*What the task asks*. The result should be an exact copy of the data, free of pictures.

*Phrase grounding data*.
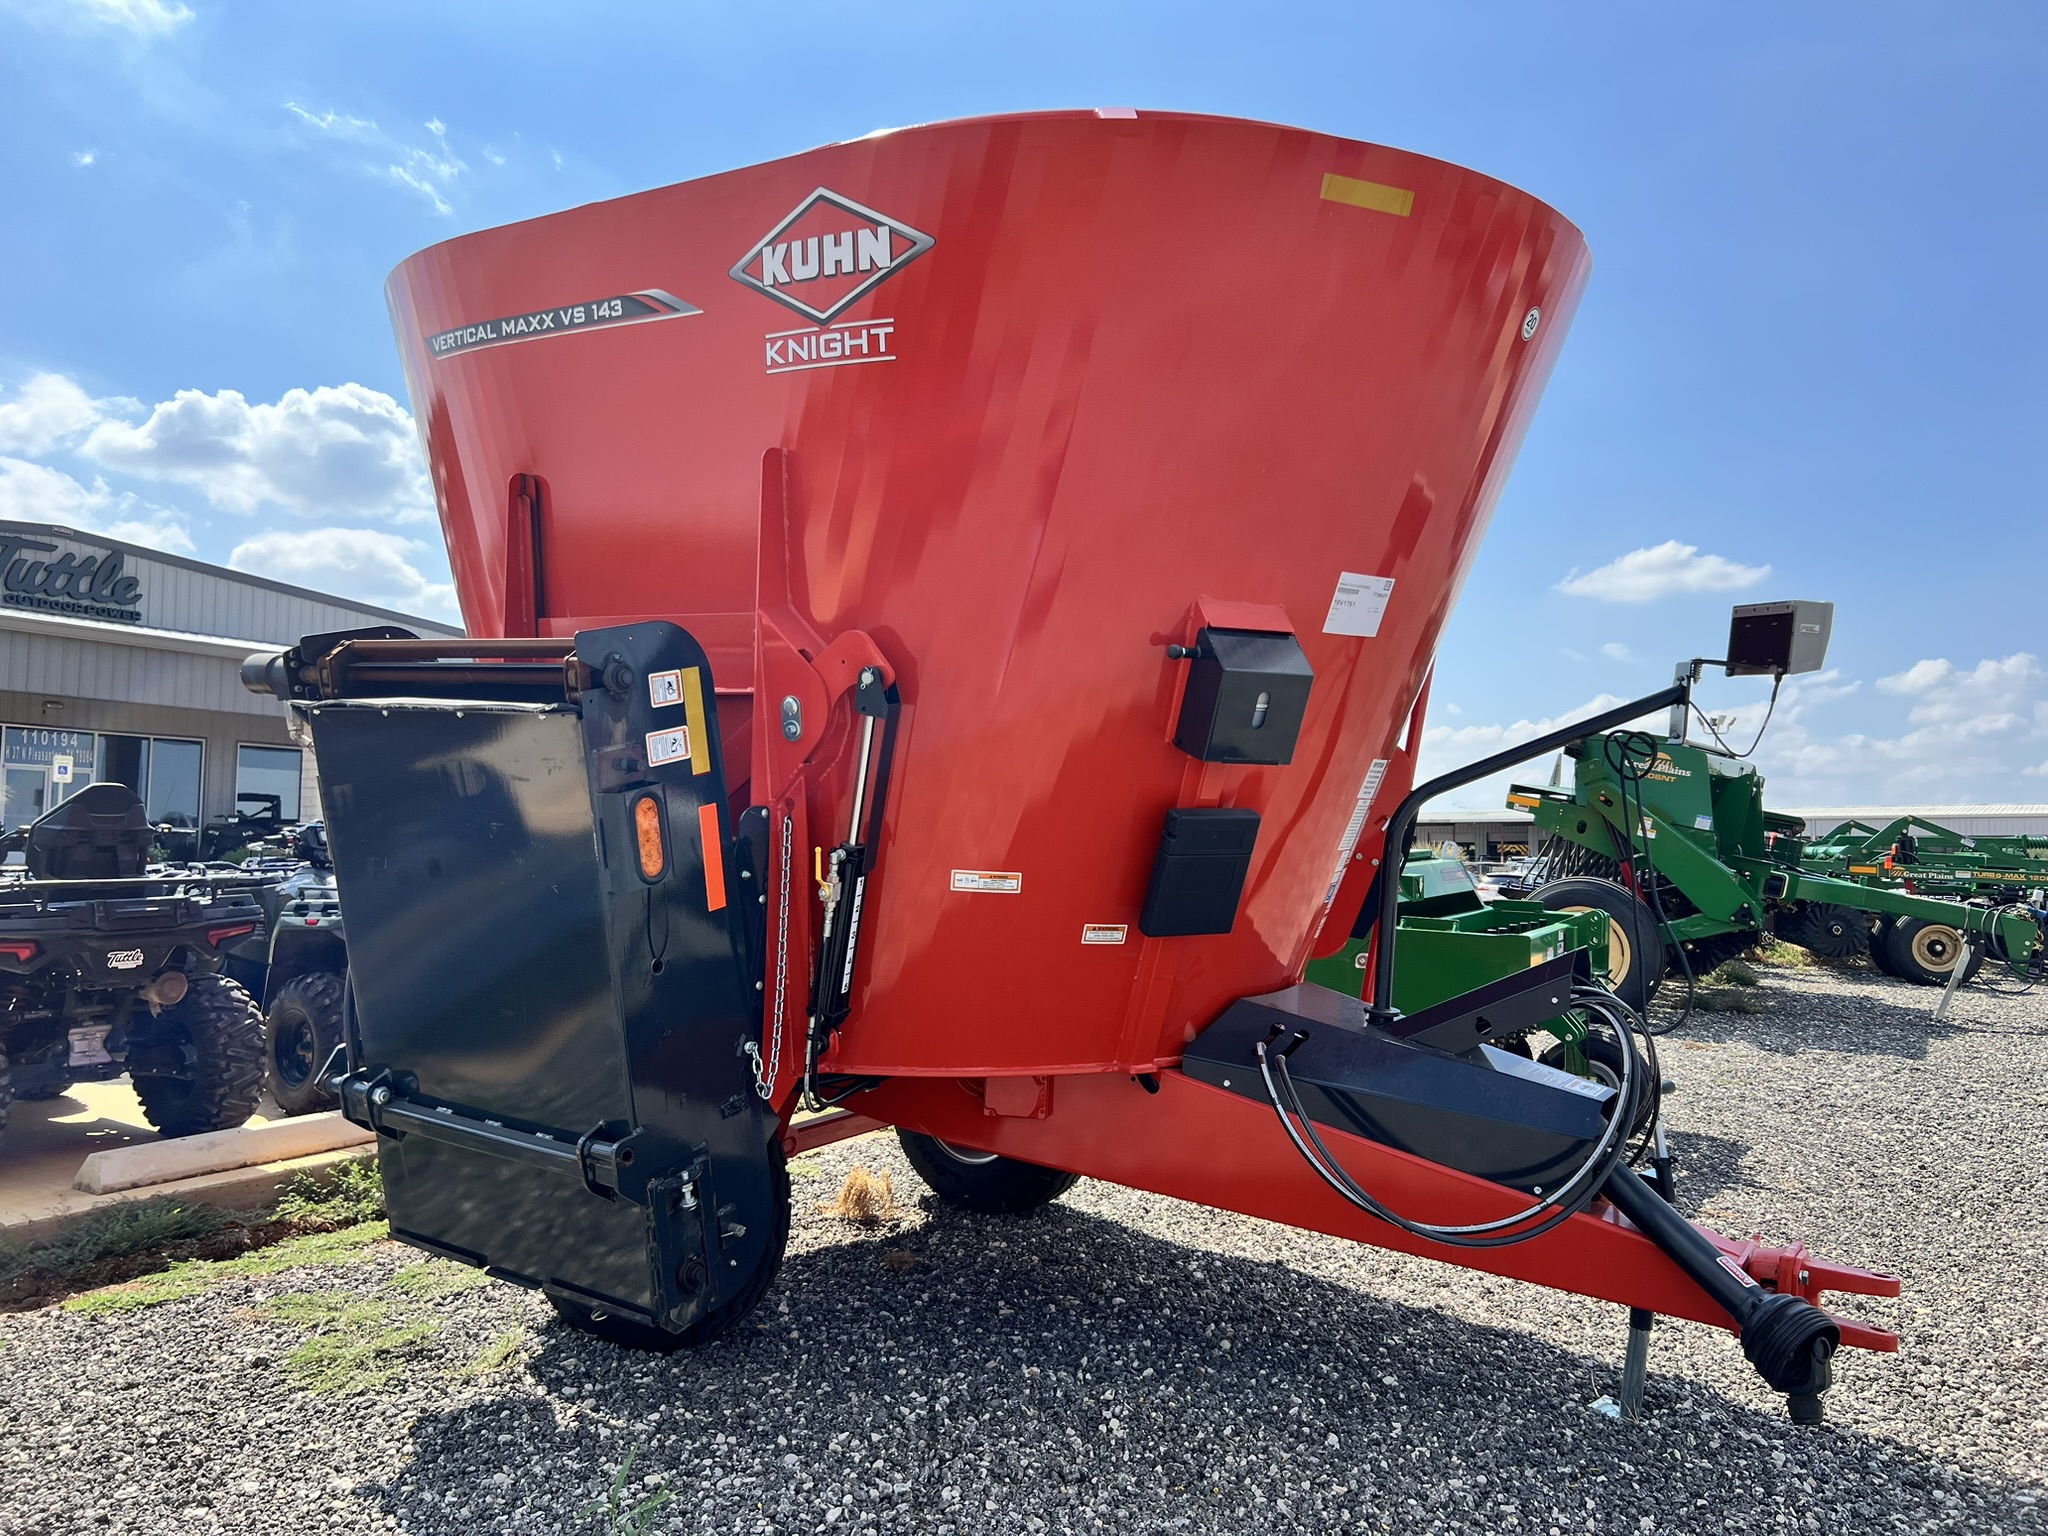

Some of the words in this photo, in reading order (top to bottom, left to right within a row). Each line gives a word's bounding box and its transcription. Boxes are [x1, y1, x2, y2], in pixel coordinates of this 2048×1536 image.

[762, 226, 892, 286] KUHN
[432, 324, 497, 352] VERTICAL
[501, 312, 555, 336] MAXX
[560, 306, 586, 326] VS
[591, 299, 623, 321] 143
[1526, 313, 1538, 330] 20
[765, 326, 894, 366] KNIGHT
[0, 535, 143, 606] Tuttle
[4, 593, 85, 614] OUTDOOR
[85, 604, 142, 621] POWER
[21, 728, 78, 748] 110194
[1636, 770, 1677, 782] 106NT
[1657, 763, 1692, 777] Plains
[1928, 872, 1954, 880] Plains
[107, 949, 144, 967] Tuttle
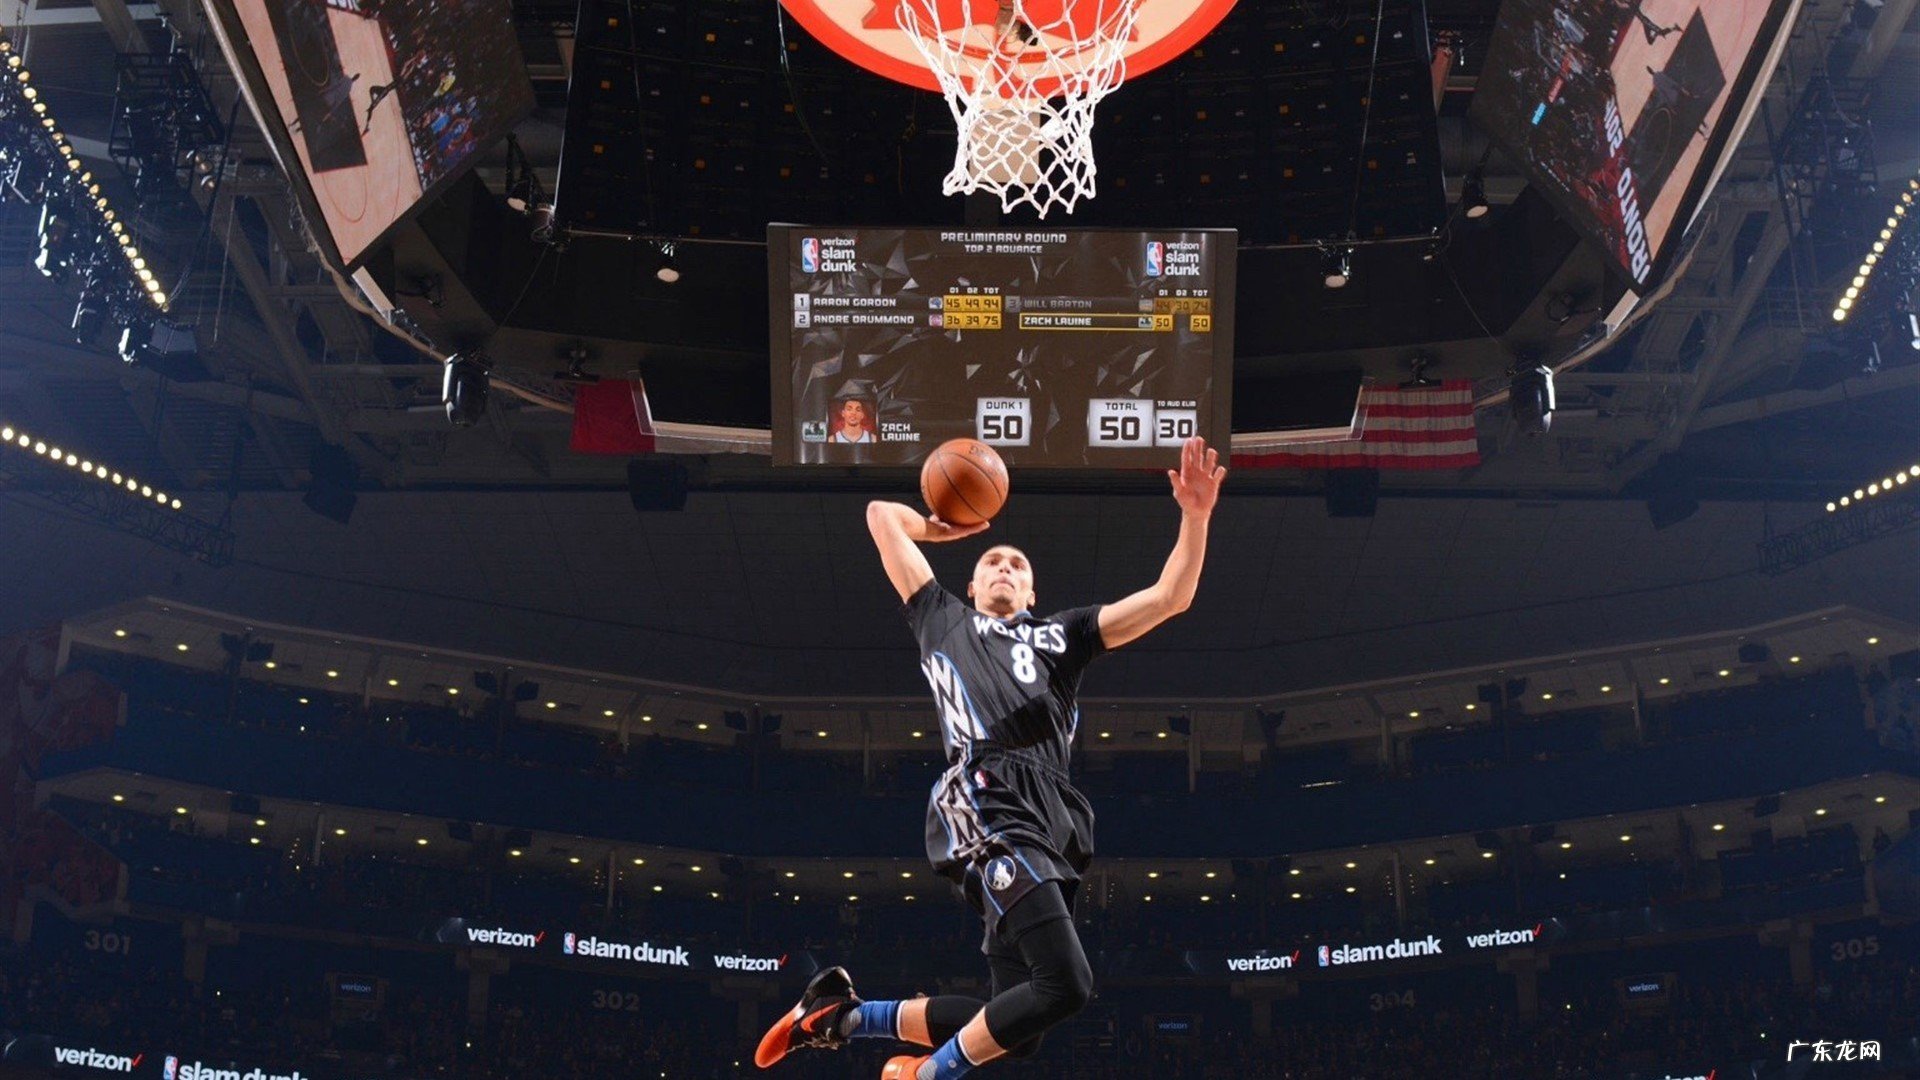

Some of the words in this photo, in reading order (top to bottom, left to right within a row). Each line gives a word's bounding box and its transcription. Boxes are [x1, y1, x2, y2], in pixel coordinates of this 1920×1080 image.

[821, 237, 855, 246] verizon
[941, 232, 1021, 242] PRELIMINARY
[1025, 233, 1067, 243] ROUND
[965, 244, 984, 253] TOP
[986, 245, 992, 253] 2
[1166, 241, 1199, 250] verizon
[821, 246, 855, 259] slam
[1165, 250, 1199, 263] slam
[821, 260, 857, 272] dunk
[1165, 263, 1200, 276] dunk
[813, 298, 850, 306] AARON
[853, 298, 896, 307] GORDON
[946, 299, 960, 308] 45
[965, 299, 979, 308] 49
[984, 299, 999, 308] 94
[1024, 300, 1047, 308] WILL
[1051, 300, 1092, 308] BARTON
[799, 315, 806, 324] 2
[814, 315, 849, 323] ANDRE
[852, 315, 915, 324] DRUMMOND
[966, 316, 979, 324] 39
[984, 316, 998, 324] 75
[1024, 317, 1052, 325] ZACH
[1156, 318, 1169, 327] 50
[1193, 318, 1208, 327] 50
[986, 401, 1015, 409] DUNK
[1018, 401, 1023, 409] 1
[1105, 402, 1138, 410] TOTAL
[881, 423, 911, 432] ZACH
[983, 415, 1023, 439] 50
[1100, 416, 1140, 441] 50
[1159, 418, 1193, 438] 30
[1011, 643, 1037, 683] 8
[85, 929, 131, 956] 301
[467, 927, 536, 948] verizon
[1467, 927, 1534, 948] verizon
[1830, 934, 1879, 961] 305
[713, 953, 778, 971] verizon
[1227, 953, 1292, 971] verizon
[341, 982, 371, 993] verizon
[592, 989, 640, 1012] 302
[54, 1046, 132, 1072] verizon

*Result of this task*.
Some of the words in this photo, in reading order (top to bottom, left to right within a row). Each line gives a word's bounding box and its transcription. Boxes are [x1, y1, x2, y2], in pixel coordinates of this 2048×1536 image.

[762, 226, 892, 286] KUHN
[432, 324, 497, 352] VERTICAL
[501, 312, 555, 336] MAXX
[560, 306, 586, 326] VS
[591, 299, 623, 321] 143
[1526, 313, 1538, 330] 20
[765, 326, 894, 366] KNIGHT
[0, 535, 143, 606] Tuttle
[4, 593, 85, 614] OUTDOOR
[85, 604, 142, 621] POWER
[21, 728, 78, 748] 110194
[1636, 770, 1677, 782] 106NT
[1657, 763, 1692, 777] Plains
[1928, 872, 1954, 880] Plains
[107, 949, 144, 967] Tuttle

Some of the words in this photo, in reading order (top to bottom, left to right within a row). Each line gives a word's bounding box and its transcription. Boxes are [x1, y1, x2, y2], in pixel coordinates of this 1920×1080 image.

[821, 237, 855, 246] verizon
[941, 232, 1021, 242] PRELIMINARY
[1025, 233, 1067, 243] ROUND
[965, 244, 984, 253] TOP
[986, 245, 992, 253] 2
[1166, 241, 1199, 250] verizon
[821, 246, 855, 259] slam
[1165, 250, 1199, 263] slam
[821, 260, 857, 272] dunk
[1165, 263, 1200, 276] dunk
[813, 298, 850, 306] AARON
[853, 298, 896, 307] GORDON
[946, 299, 960, 308] 45
[965, 299, 979, 308] 49
[984, 299, 999, 308] 94
[1024, 300, 1047, 308] WILL
[1051, 300, 1092, 308] BARTON
[799, 315, 806, 324] 2
[814, 315, 849, 323] ANDRE
[852, 315, 915, 324] DRUMMOND
[966, 316, 979, 324] 39
[984, 316, 998, 324] 75
[1024, 317, 1052, 325] ZACH
[1156, 318, 1169, 327] 50
[1193, 318, 1208, 327] 50
[986, 401, 1015, 409] DUNK
[1018, 401, 1023, 409] 1
[1105, 402, 1138, 410] TOTAL
[881, 423, 911, 432] ZACH
[983, 415, 1023, 439] 50
[1100, 416, 1140, 441] 50
[1159, 418, 1193, 438] 30
[1011, 643, 1037, 683] 8
[85, 929, 131, 956] 301
[467, 927, 536, 948] verizon
[1467, 927, 1534, 948] verizon
[1830, 934, 1879, 961] 305
[713, 953, 778, 971] verizon
[1227, 953, 1292, 971] verizon
[341, 982, 371, 993] verizon
[592, 989, 640, 1012] 302
[54, 1046, 132, 1072] verizon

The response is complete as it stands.